Quelle che gli scienziati chiamano “pericolose e irreversibili interferenze sul sistema climatico” comprendono l’aggravarsi di fenomeni come l’innalzamento del livello del mare, la variabilità delle precipitazioni (troppa pioggia o troppo poca, rispetto alle medie), le ondate di calore, e una serie di possibili eventi catastrofici legati al superamento di “punti di non ritorno” (per esempio nello scioglimento delle calotte glaciali) che per la loro natura eccezionale non possono essere previsti con gli strumenti scientifici attuali.

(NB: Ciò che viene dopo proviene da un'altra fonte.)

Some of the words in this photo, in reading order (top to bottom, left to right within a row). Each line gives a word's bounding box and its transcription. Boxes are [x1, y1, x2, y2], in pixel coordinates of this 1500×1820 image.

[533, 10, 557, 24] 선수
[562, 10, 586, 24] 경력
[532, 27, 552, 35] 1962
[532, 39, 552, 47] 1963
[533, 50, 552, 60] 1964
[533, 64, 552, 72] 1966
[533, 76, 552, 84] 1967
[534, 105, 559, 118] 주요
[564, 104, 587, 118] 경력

Non sorprende quindi che la “soglia dei 2°C” sia un limite su cui tutti i governi del mondo si trovano d’accordo, come è stato ribadito anche durante l’ultimo vertice internazionale sul clima a New York.
Ma limitare l’aumento della temperatura globale entro i 2°C significa rivoluzionare il modo in cui produciamo e consumiamo energia, riducendo drasticamente le emissioni di gas serra che invece continuano ad aumentare. Il limite dei 2°C è ancora un obiettivo raggiungibile? Ed è un riferimento efficace per spingere i governi e i cittadini ad agire più rapidamente?

Lo abbiamo chiesto a Thomas Stocker, docente presso l’università di Berna, che dal 2008 coordina il gruppo di lavoro sulla scienza del clima dell’IPCC. Stocker ha aperto la conferenza annuale della Società Italiana per le scienza del clima, due giorni di incontri e discussioni tra scienziati e ricercatori che si occupano di cambiamenti climatici e degli impatti sulla società e l’economia. 

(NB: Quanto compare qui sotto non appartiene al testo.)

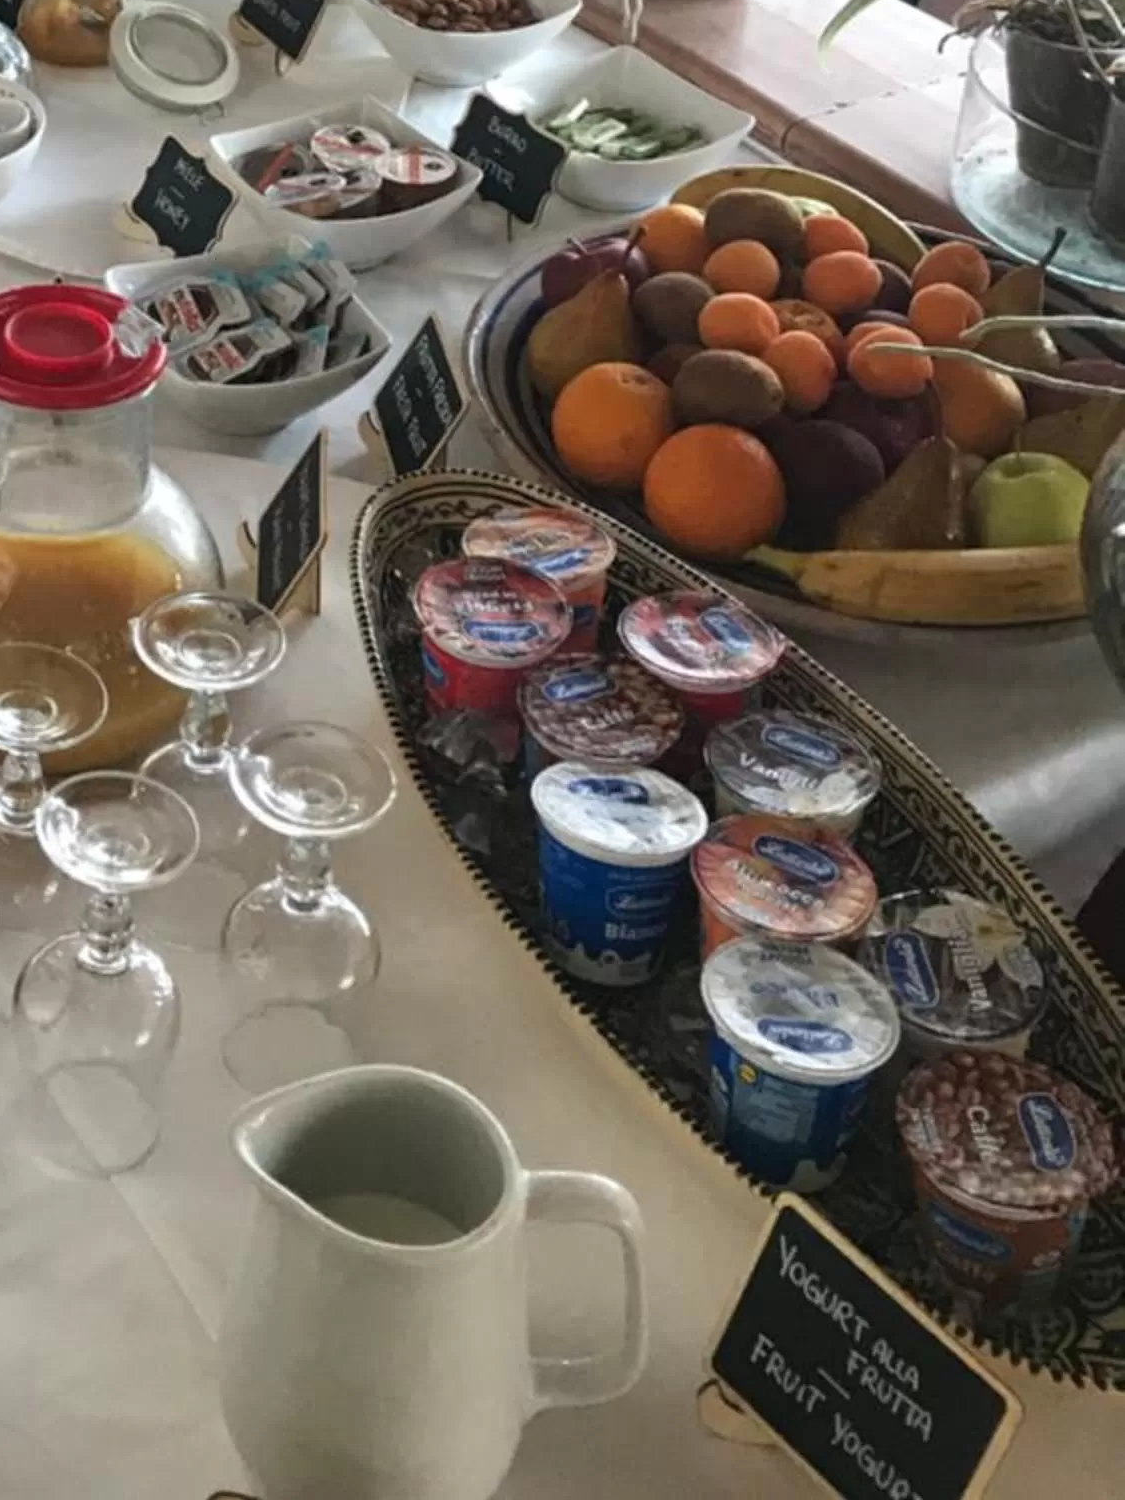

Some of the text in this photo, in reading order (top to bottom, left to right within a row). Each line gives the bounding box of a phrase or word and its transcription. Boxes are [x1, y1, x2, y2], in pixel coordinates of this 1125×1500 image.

[778, 1235, 921, 1392] YOGURT ALLA
[750, 1333, 923, 1500] FRUIT YOGUR
[846, 1349, 933, 1443] FRUTTA
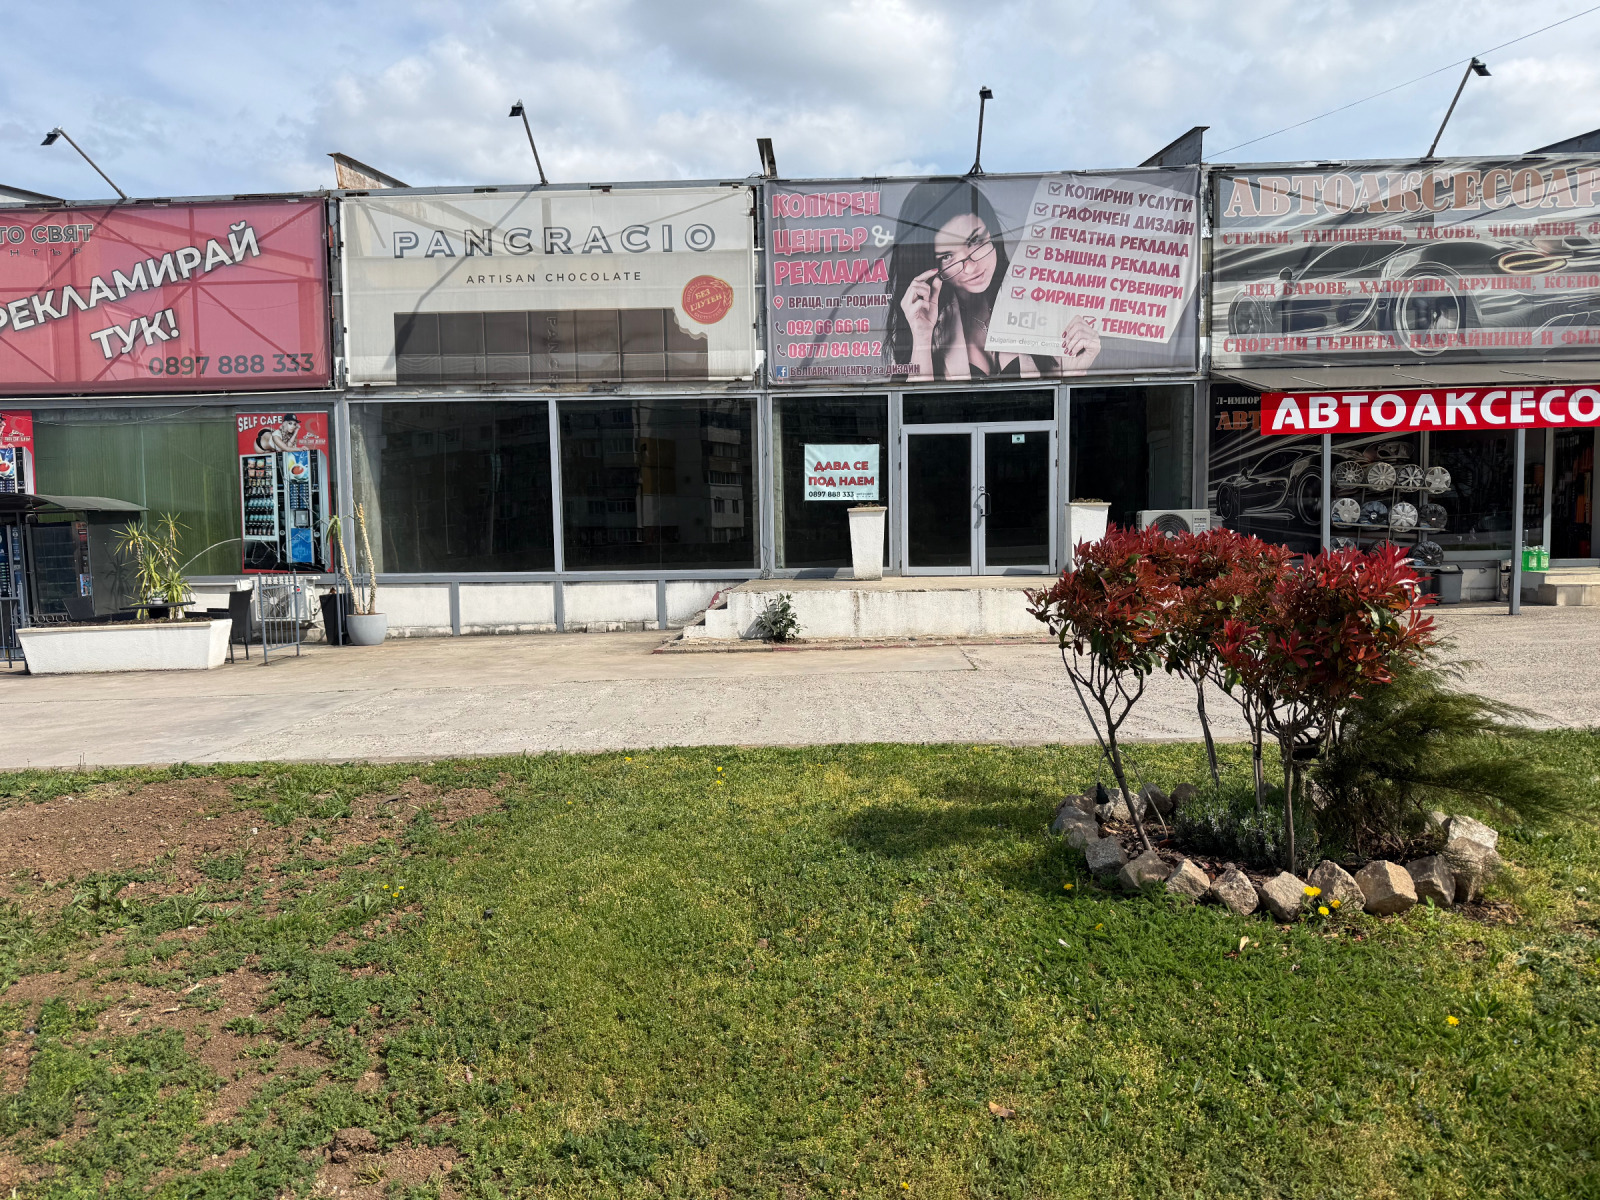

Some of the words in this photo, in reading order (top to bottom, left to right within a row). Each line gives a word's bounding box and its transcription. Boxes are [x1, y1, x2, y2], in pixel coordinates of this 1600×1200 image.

[1064, 183, 1134, 206] КОПИРНИ
[1137, 192, 1194, 213] УСЛУГИ
[1224, 167, 1600, 217] АВТОАКСЕСОАР
[772, 191, 880, 218] КОПИРЕН
[1051, 204, 1131, 228] ГРАФИЧЕН
[1133, 216, 1195, 236] ДИЗАЙН
[31, 224, 93, 244] СВЯТ
[393, 223, 716, 259] PANCRACIO
[773, 227, 868, 255] ЦЕНТЪР
[871, 225, 894, 248] &
[1050, 226, 1116, 248] ПЕЧАТНА
[1120, 236, 1189, 258] РЕКЛАМА
[1223, 230, 1293, 245] СТЕЛКИ,
[1301, 227, 1407, 243] ТАПИЦЕРИИ,
[1415, 225, 1480, 240] ТАСОВЕ,
[1488, 222, 1581, 237] ЧИСТАЧКИ,
[774, 258, 889, 286] РЕКЛАМА
[1043, 246, 1107, 269] ВЪНШНА
[1110, 255, 1180, 278] РЕКЛАМА
[466, 273, 536, 284] ARTISAN
[545, 271, 642, 283] CHOCOLATE
[1029, 266, 1107, 289] РЕКЛАМНИ
[1109, 278, 1183, 300] СУВЕНИРИ
[1243, 283, 1276, 298] ЛЕД
[1283, 281, 1351, 296] БАРОВЕ,
[1360, 279, 1451, 293] ХАЛОГЕНИ,
[1458, 276, 1536, 291] КРУШКИ,
[690, 293, 722, 312] ГЛУТЕН
[695, 289, 710, 300] БЕЗ
[788, 296, 823, 310] ВРАЦА,
[841, 294, 892, 307] "РОДИНА"
[1030, 287, 1105, 310] ФИРМЕНИ
[1109, 298, 1167, 318] ПЕЧАТИ
[787, 320, 813, 335] 092
[815, 319, 833, 335] 66
[835, 319, 853, 334] 66
[855, 318, 870, 334] 16
[1007, 312, 1048, 328] bdc
[1101, 317, 1165, 339] ТЕНИСКИ
[90, 308, 180, 359] ТУК!
[1223, 336, 1308, 352] СПОРТНИ
[1409, 329, 1532, 348] НАКРАЙНИЦИ
[1541, 330, 1553, 345] И
[788, 343, 829, 358] 08777
[831, 342, 850, 357] 84
[852, 341, 870, 357] 84
[872, 341, 881, 357] 2
[149, 356, 209, 375] 0897
[218, 355, 265, 374] 888
[273, 352, 314, 372] 333
[790, 365, 839, 377] БЪЛГАРСКИ
[839, 365, 871, 377] ЦЕНТЪР
[873, 367, 884, 375] за
[886, 363, 920, 375] ДИЗАЙН
[1271, 388, 1600, 430] АВТОАКСЕСО
[237, 416, 258, 432] SELF
[260, 415, 283, 425] CAFE
[814, 461, 850, 472] ДАВА
[853, 461, 869, 470] СЕ
[808, 476, 836, 487] ПОД
[839, 476, 874, 486] НАЕМ

Professor Stocker, siamo ancora in tempo per rispettare il limite dei 2°C o è già troppo tardi?
Non è troppo tardi ma i tempi si stanno facendo molto stretti. Abbiamo perso tempo prezioso, abbiamo continuato a emettere gas serra a un ritmo senza precedenti. Nel 2013 abbiamo prodotto quasi 10 miliardi di tonnellate di carbonio. Se continuiamo di questo passo potremmo superare il limite dei 2°C in 30 anni.

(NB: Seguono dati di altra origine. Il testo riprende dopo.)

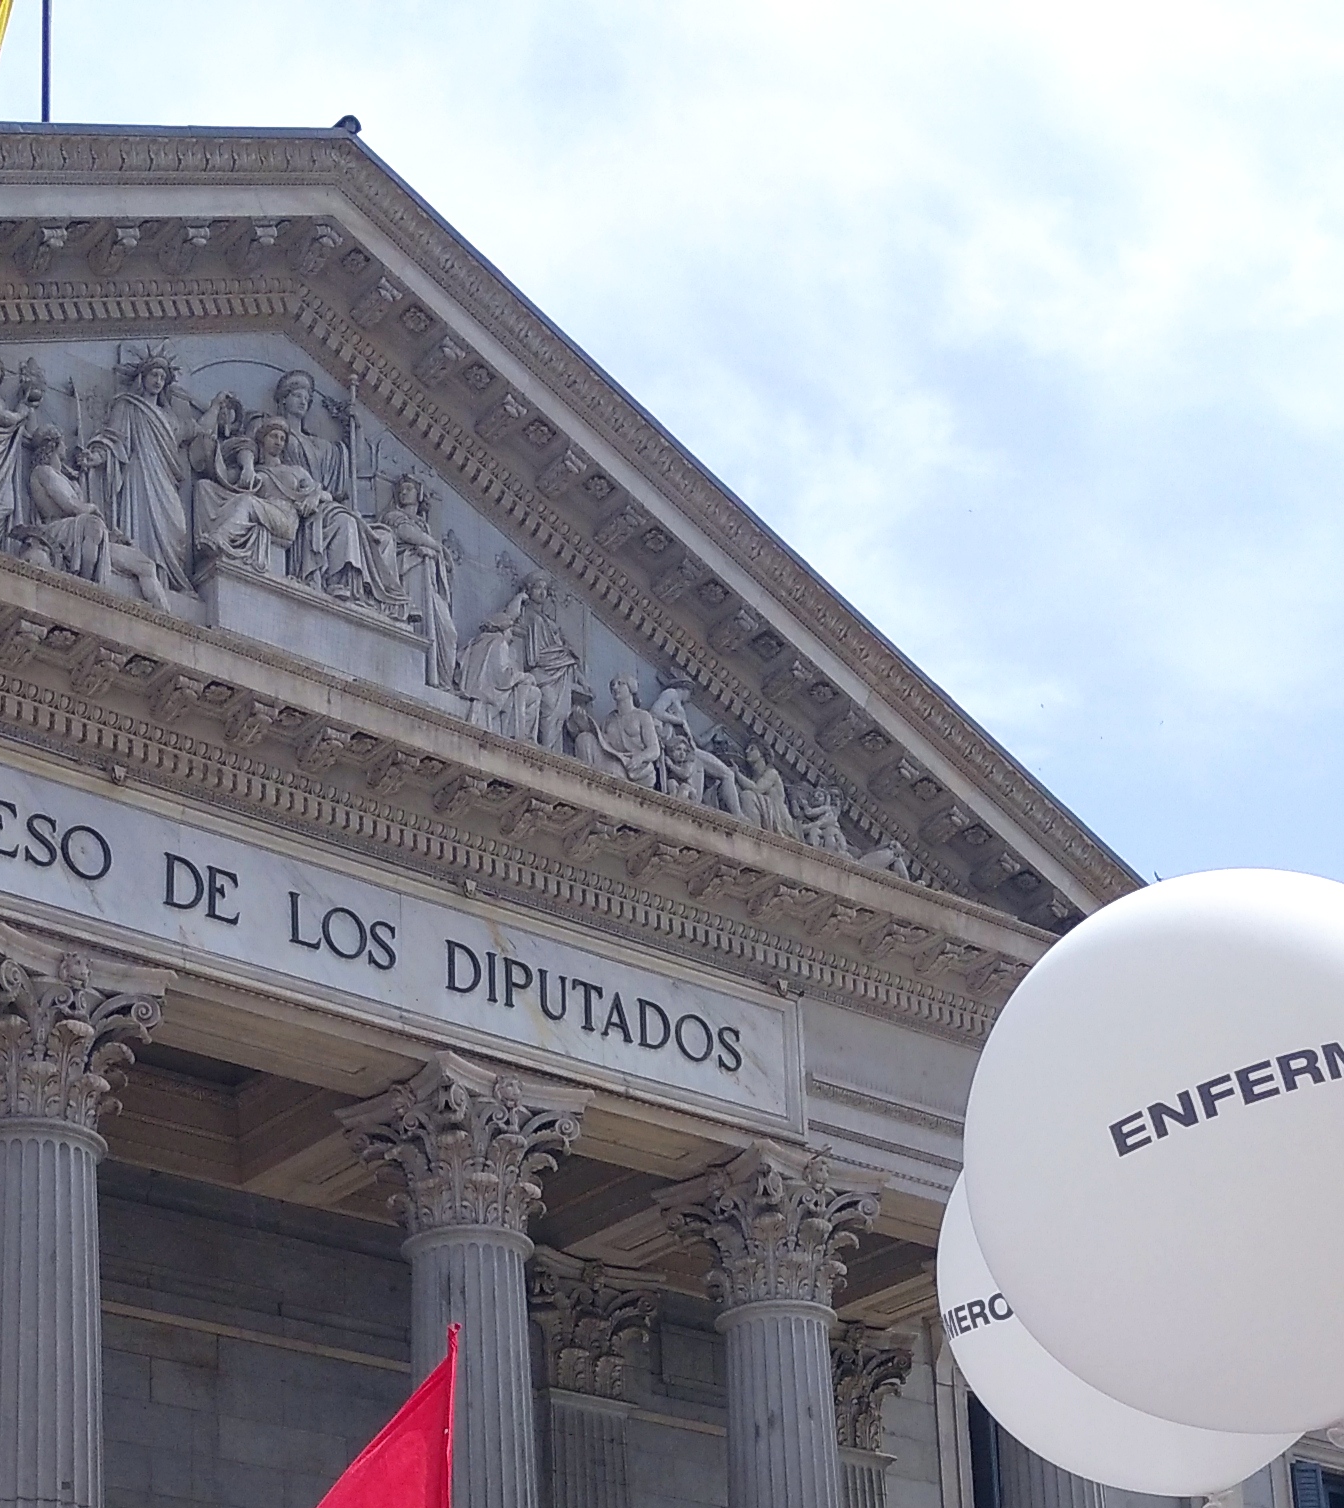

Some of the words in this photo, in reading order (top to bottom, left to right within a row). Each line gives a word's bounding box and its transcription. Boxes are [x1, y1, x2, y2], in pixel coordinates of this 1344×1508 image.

Al di fuori della comunità scientifica, chi guarda al semplice dato numerico potrebbe pensare che un +0.85 non sia poi così grave, che manca ancora un po’ prima di arrivare a +2°C. Cosa risponderebbe se le dicessero che ci sono problemi più urgenti?
Le persone hanno un rapporto molto particolare con la temperatura. Faccio un esempio, se suo figlio si ammala e ha la febbre, lei farà attenzione ad una misurazione precisa della temperatura del corpo umano, al decimo di grado. Perchè se sul termometro leggiamo 36.9°C può andare ancora bene, ma se sale a 37°C iniziamo a preoccuparci. Quindi un solo decimo di grado fa già una bella differenza!
Lo stesso funziona per la temperatura della terra. Questi aumenti apparentemente piccoli hanno già lasciato un segno visibile sull’ambiente.
Abbiamo misurato gli impatti dei cambiamenti climatici sulle zone ghiacciate e innevate in tutto il mondo, sulla temperatura degli oceani,  sul ciclo idrologico e sulla frequenza delle ondate di calore. E tutto questo con un aumento di solo 0.85°C negli ultimi 112 anni.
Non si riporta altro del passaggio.